Exercise:
Reproduce the entire listing exactly as written, apart from its pictures.

Records for this task:
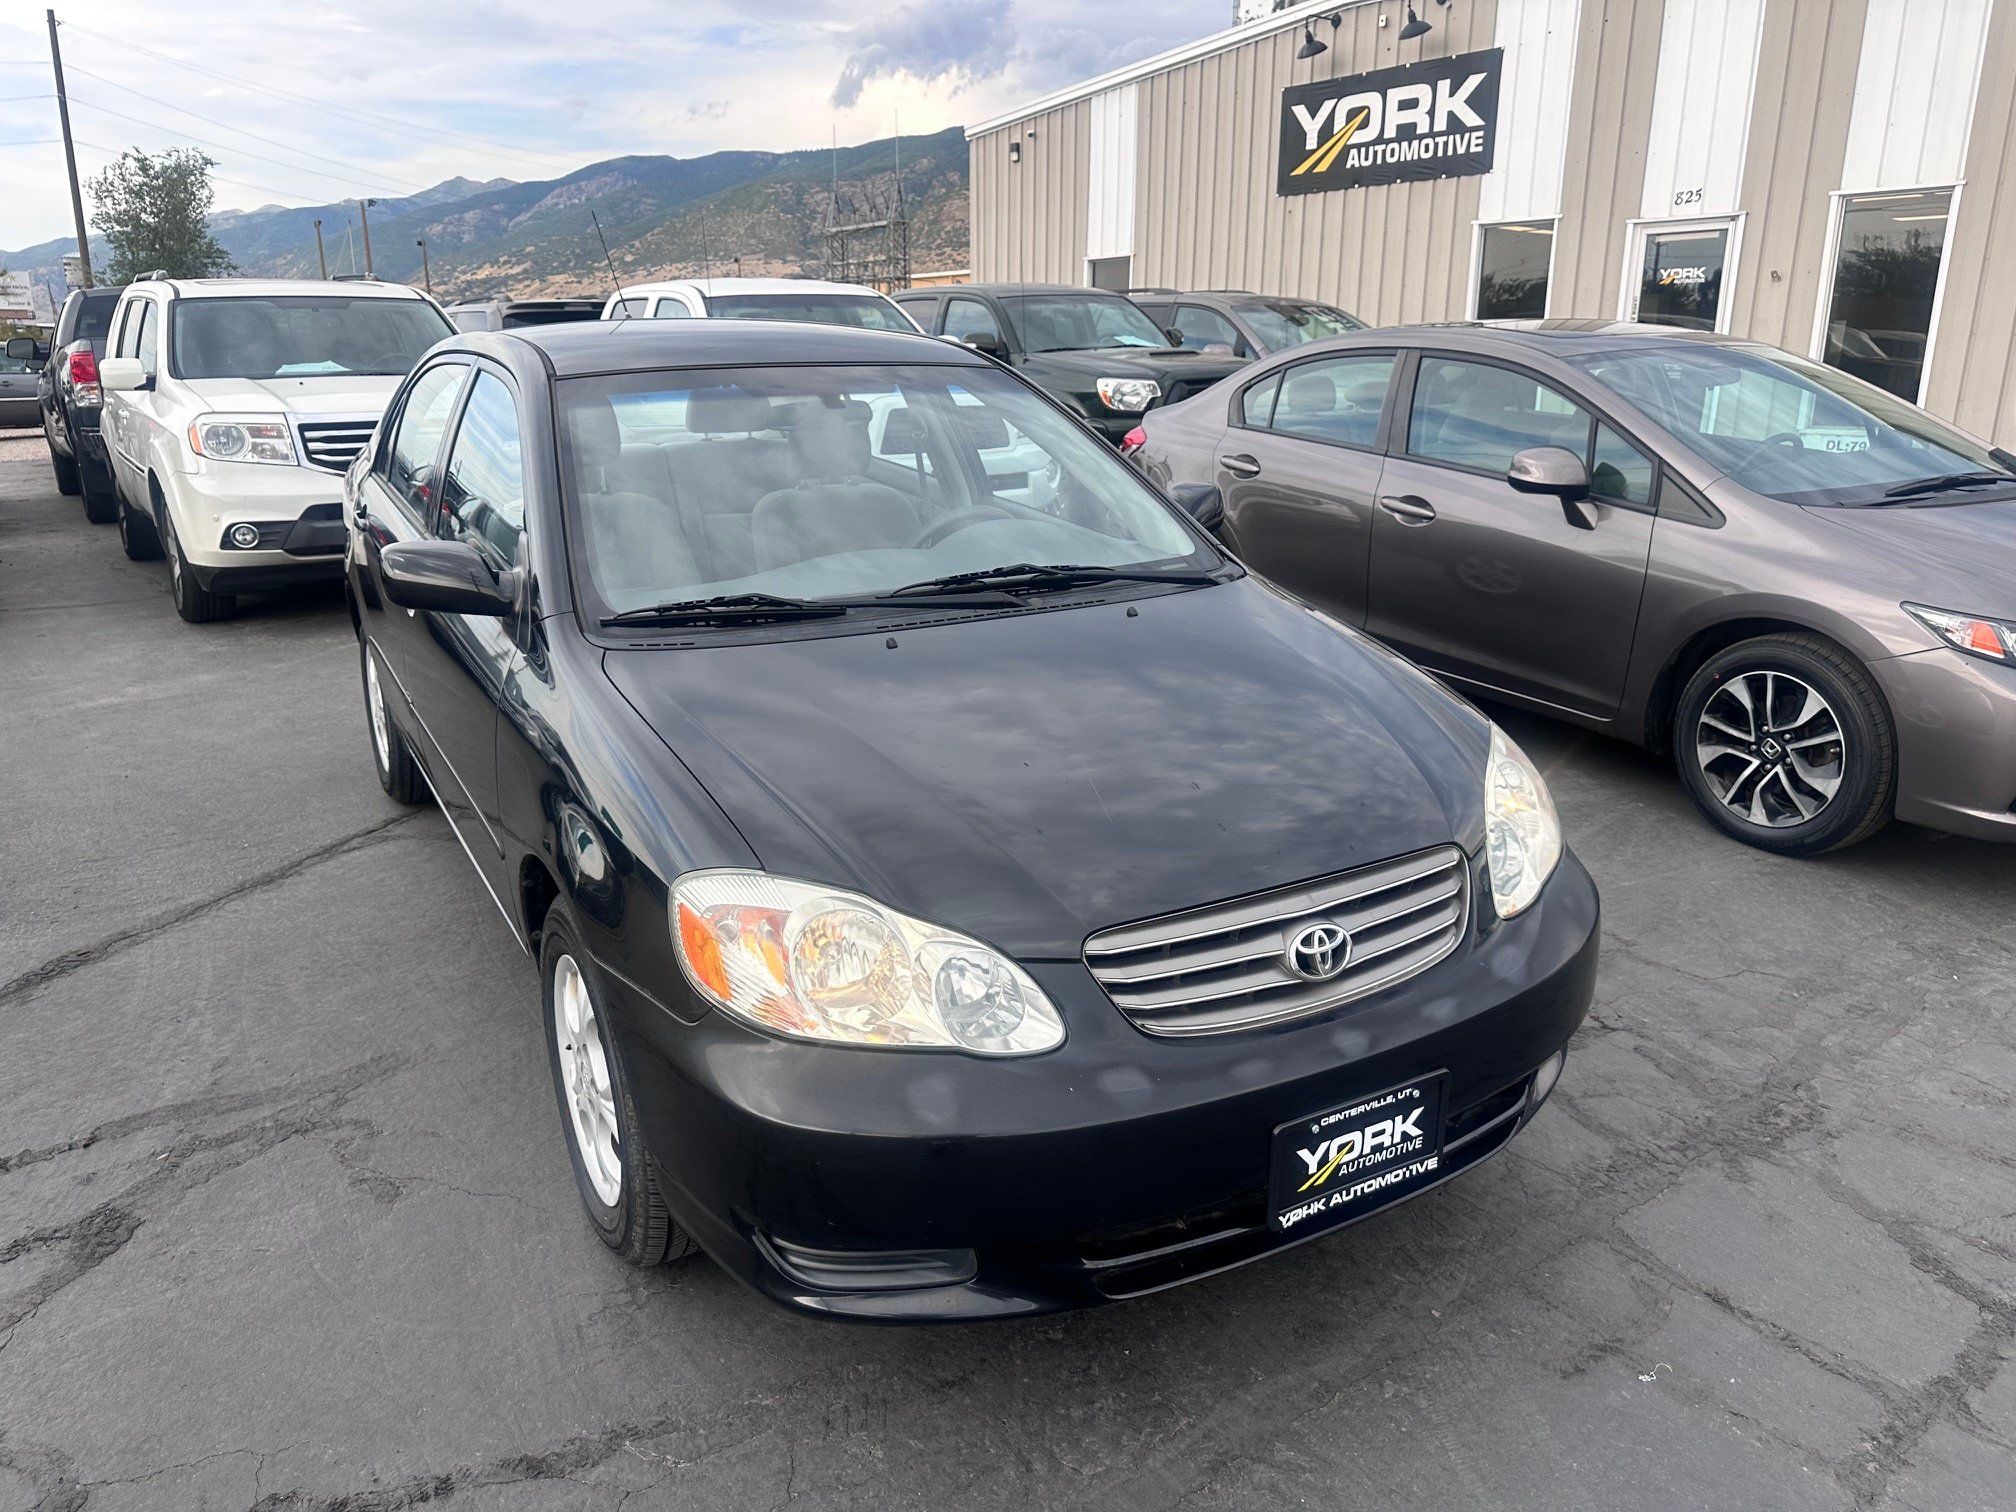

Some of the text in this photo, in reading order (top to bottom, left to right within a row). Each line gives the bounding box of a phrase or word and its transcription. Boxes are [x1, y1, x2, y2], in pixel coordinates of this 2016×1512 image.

[1291, 72, 1487, 150] YORK
[1345, 131, 1484, 169] AUTOMOTIVE
[1674, 188, 1703, 206] 825
[1659, 266, 1706, 279] YORK
[1320, 1088, 1412, 1127] CENTERVILLE, UT
[1296, 1106, 1425, 1175] YORK
[1338, 1136, 1424, 1177] AUTOMOTIVE
[1329, 1156, 1439, 1207] AUTOMOTIVE

Task output:
Some of the text in this photo, in reading order (top to bottom, left to right within a row). Each line gives the bounding box of a phrase or word and its transcription. Boxes are [x1, y1, x2, y2], in pixel coordinates of this 2016×1512 image.

[1291, 72, 1487, 150] YORK
[1345, 131, 1484, 169] AUTOMOTIVE
[1674, 188, 1703, 206] 825
[1659, 266, 1706, 279] YORK
[1320, 1088, 1412, 1127] CENTERVILLE, UT
[1296, 1106, 1425, 1175] YORK
[1338, 1136, 1424, 1177] AUTOMOTIVE
[1329, 1156, 1439, 1207] AUTOMOTIVE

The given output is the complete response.